Aradan geçen aylardan sonra boşanma evraklarını imzalamak için buluştuklarında tekrar aralarında bir yakınlaşma olur. Derken Johan aslında işlerin çok da istediği gibi gitmediğini anlatır: "Bu yaz kırk beş olacağım. Belki bir 30 yıl daha yaşarım. Aslına bakarsan artık bir kadavrayım. Bir yirmi yıl sonra varlığımla yalnızca kendime ve başkalarına sorun yaratırım.

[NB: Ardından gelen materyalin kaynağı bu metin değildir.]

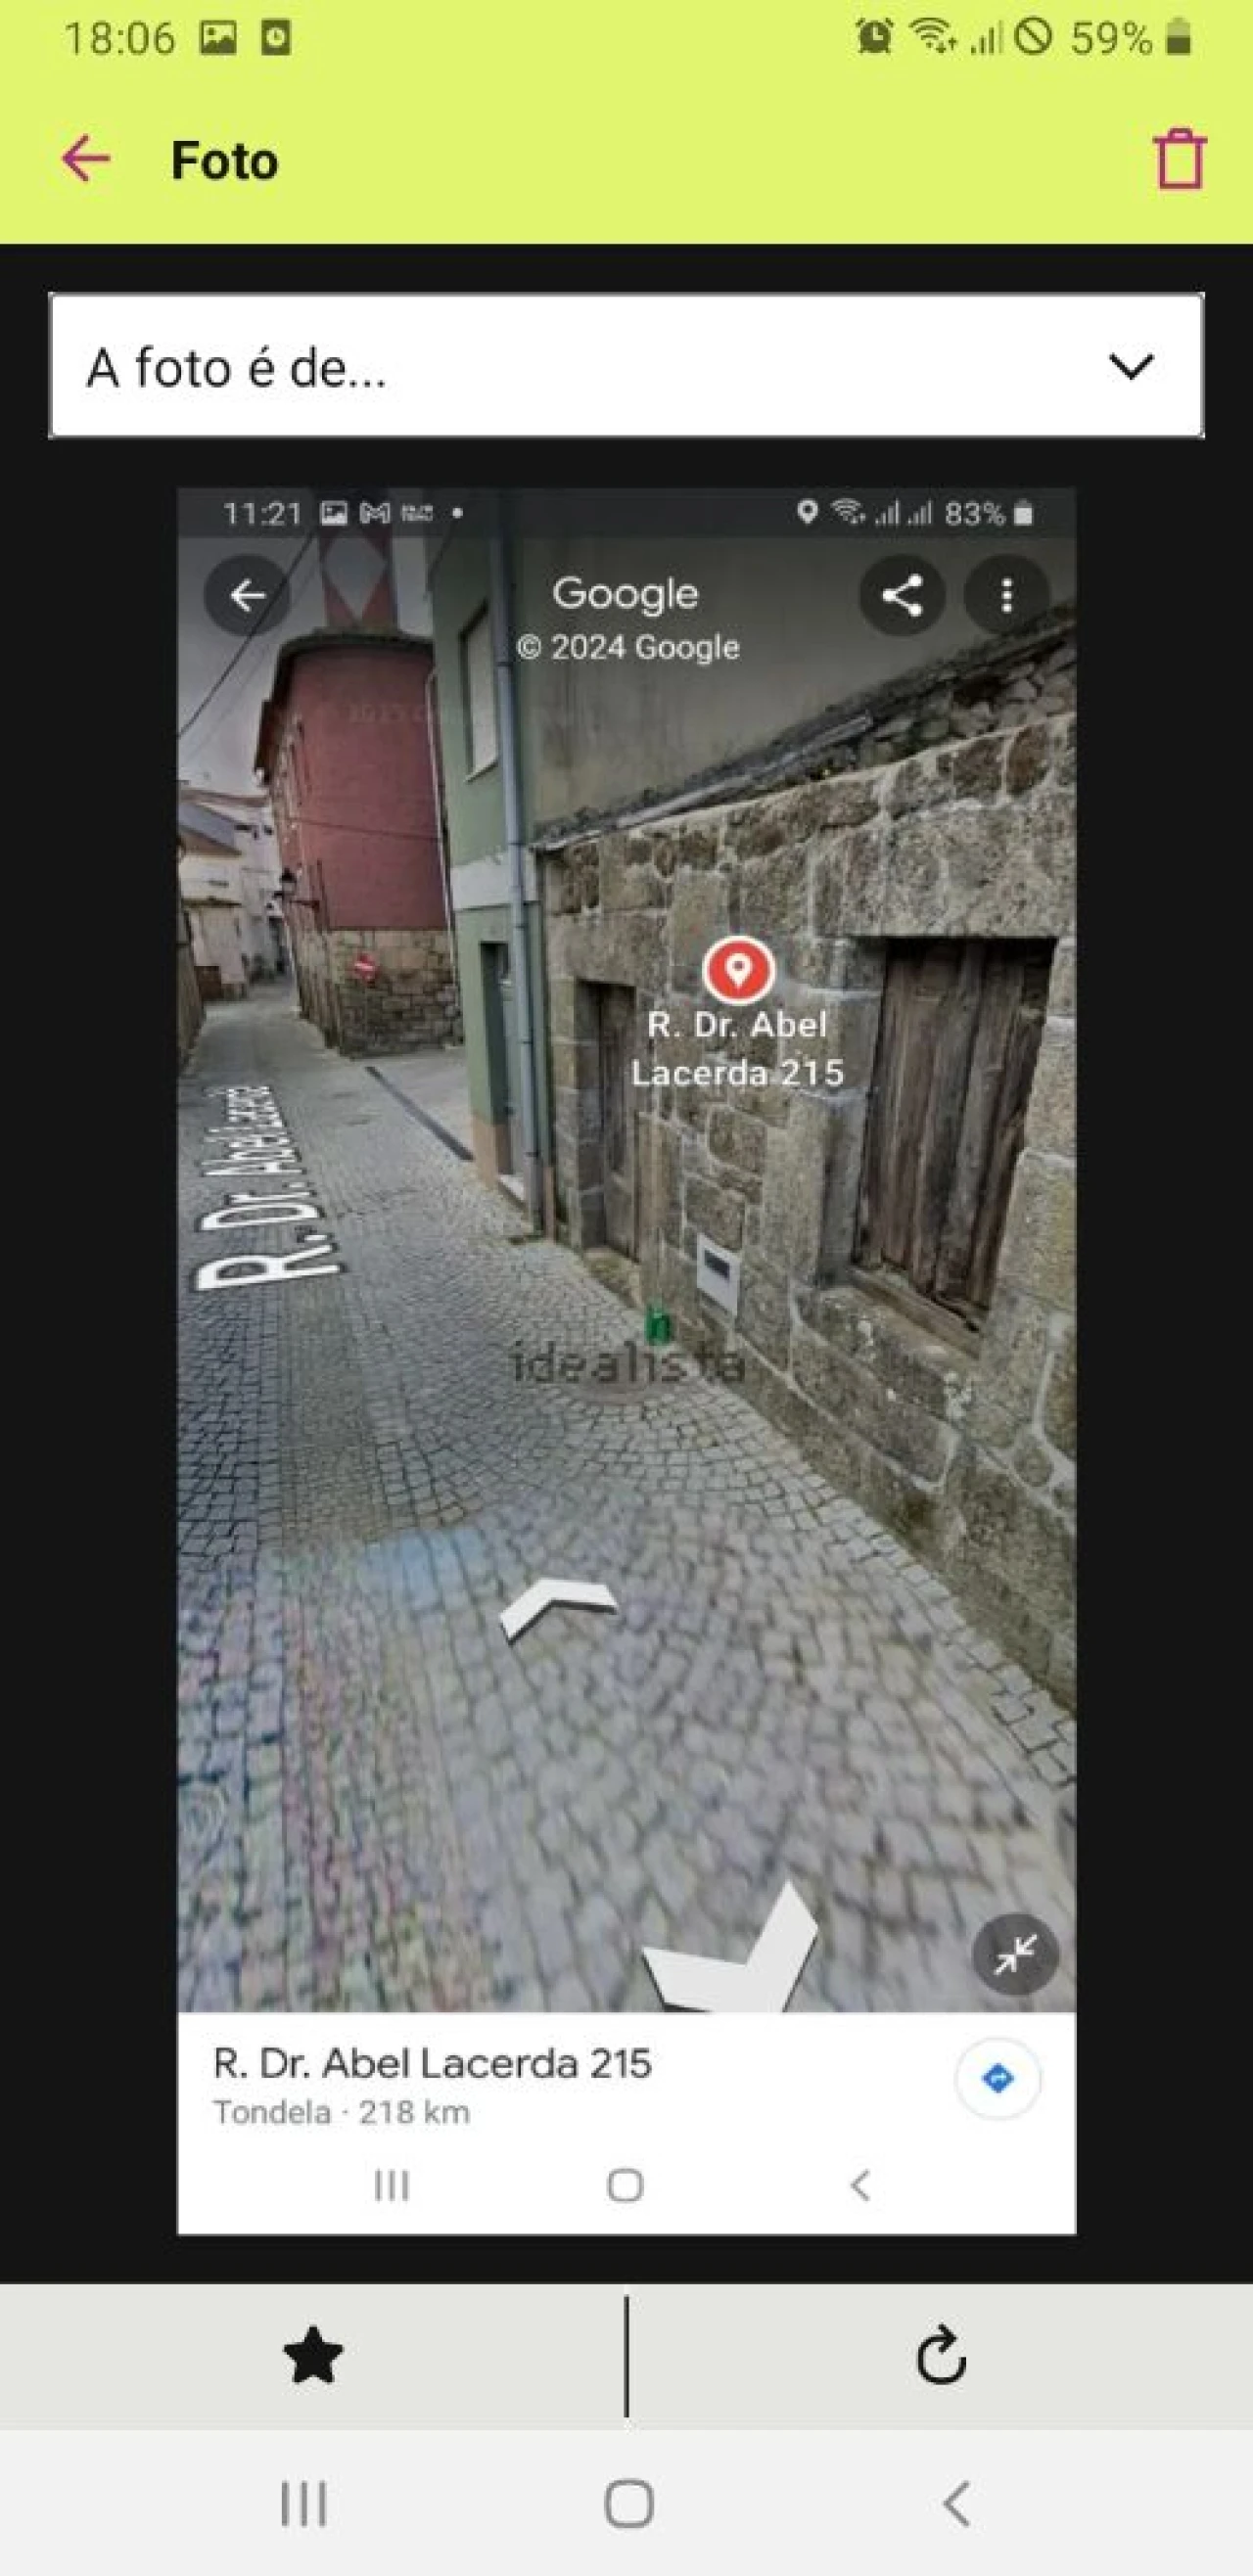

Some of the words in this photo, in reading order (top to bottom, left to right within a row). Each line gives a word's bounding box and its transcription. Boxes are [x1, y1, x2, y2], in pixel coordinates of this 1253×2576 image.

[65, 21, 175, 56] 18:06
[1071, 21, 1153, 56] 59%
[172, 140, 279, 181] Foto
[87, 347, 119, 389] A
[135, 345, 231, 389] foto
[249, 346, 275, 389] é
[291, 346, 387, 389] de...
[223, 502, 301, 525] 11:21
[946, 502, 1005, 525] 83%
[213, 2047, 249, 2080] R.
[260, 2047, 311, 2080] Dr.
[323, 2047, 409, 2080] Abel
[421, 2047, 579, 2080] Lacerda
[589, 2047, 653, 2080] 215
[212, 2098, 331, 2125] Tondela
[358, 2098, 414, 2125] 218
[423, 2098, 471, 2125] km

Beni pahalı, üretken olmayan bir nesne gibi görecekler. Yorgunum. Kim olduğumu bilmiyorum." Buna karşılık Marianne ise şöyle söyler: "Buraya geldiğimde seninle yatmak istedim. Ne hissedeceğimi anlamak için. Biraz şefkatten başka bir şey hissetmedim. Artık özgürüm. Evliliğimiz boyunca sana karşı fazlasıyla düşünceli davrandım. Aramızdaki sevgiyi de bu öldürdü. Birbirimize yaptıklarımızı görebilseydik ve suçluluk duymadan tepki gösterseydik belki her şey başka olurdu." Sonra diyalog iyice sertleşir ve Johan nihayet pişman olduğunu ve evi özlediğini söyler. Marianne kabul etmez, artık değiştiğini söyler ve tekrar bir araya gelmeyi kabul etmez.
Aslında evliliklerinin ilk yıllarından beri devam eden cinsel sorunları vardır ama bir şekilde üstünü örtmüşlerdir. Her ikisi de boşandıktan sonra geriye dönüp yaptıkları hataları fark etmeyi başarırlar. Filmdeki bence en önemli replik Johan'ın boşanmayı tartıştıkları sahnede söylediği şu sözlerdir: "Duygusal açıdan çok cahiliz. Bize anatomi, hipotenüsün karesinin dik kenarların karelerinin toplamına eşit olduğu gibi her tür boku öğrettiler. Ama insan ruhuna ilişkin tek bir şey öğrenmedik. Kendimiz ve başkaları hakkında karacahiliz."
Filmin gösterime girdikten sonraki yıl içinde İsveçte boşanma oranlarının iki kat arttığı söyleniyor. Şahsen filmde boşanmayı özellikle teşvik eden bir şey görmedim. Ama Johan ve Marianne'ın ancak ayrıldıktan sonra kendilerini tanımayı başarmış olmaları boşanmayı yıllardır düşünen ama kararsız olan çiftlerin boşanmaya kararında cesaretlendirmiş olabilir. Filmin bekarlığı falan kutsadığı yok. Tam tersine eğer kendisi olmayı başarabilirlerse kadın ve erkeğin mutluluklarında evlilik ne kadar önemli bir rol oynayabilir, gösteriyor. Son derece eğitici bir film olduğunu düşünüyorum. Özellikle evlilik sorunlarını görmezlikten gelmek yerine çözmek için çaba harcamanın ne kadar önemli olduğunu gösteriyor.
Woody Allen'in Kocalar ve Karılar filmi bu filmi andırıyor. Şahsen bu filmle karşılaştırıldığında Woody Allen'ın filminin, entellektüel olarak zenginleştirilmiş diyaloglarını saymayacak olursak duygusuz bir film olduğunu düşünüyorum. Evlilik ile ilgili filmler olarak her iki filmi de seyretmelisiniz.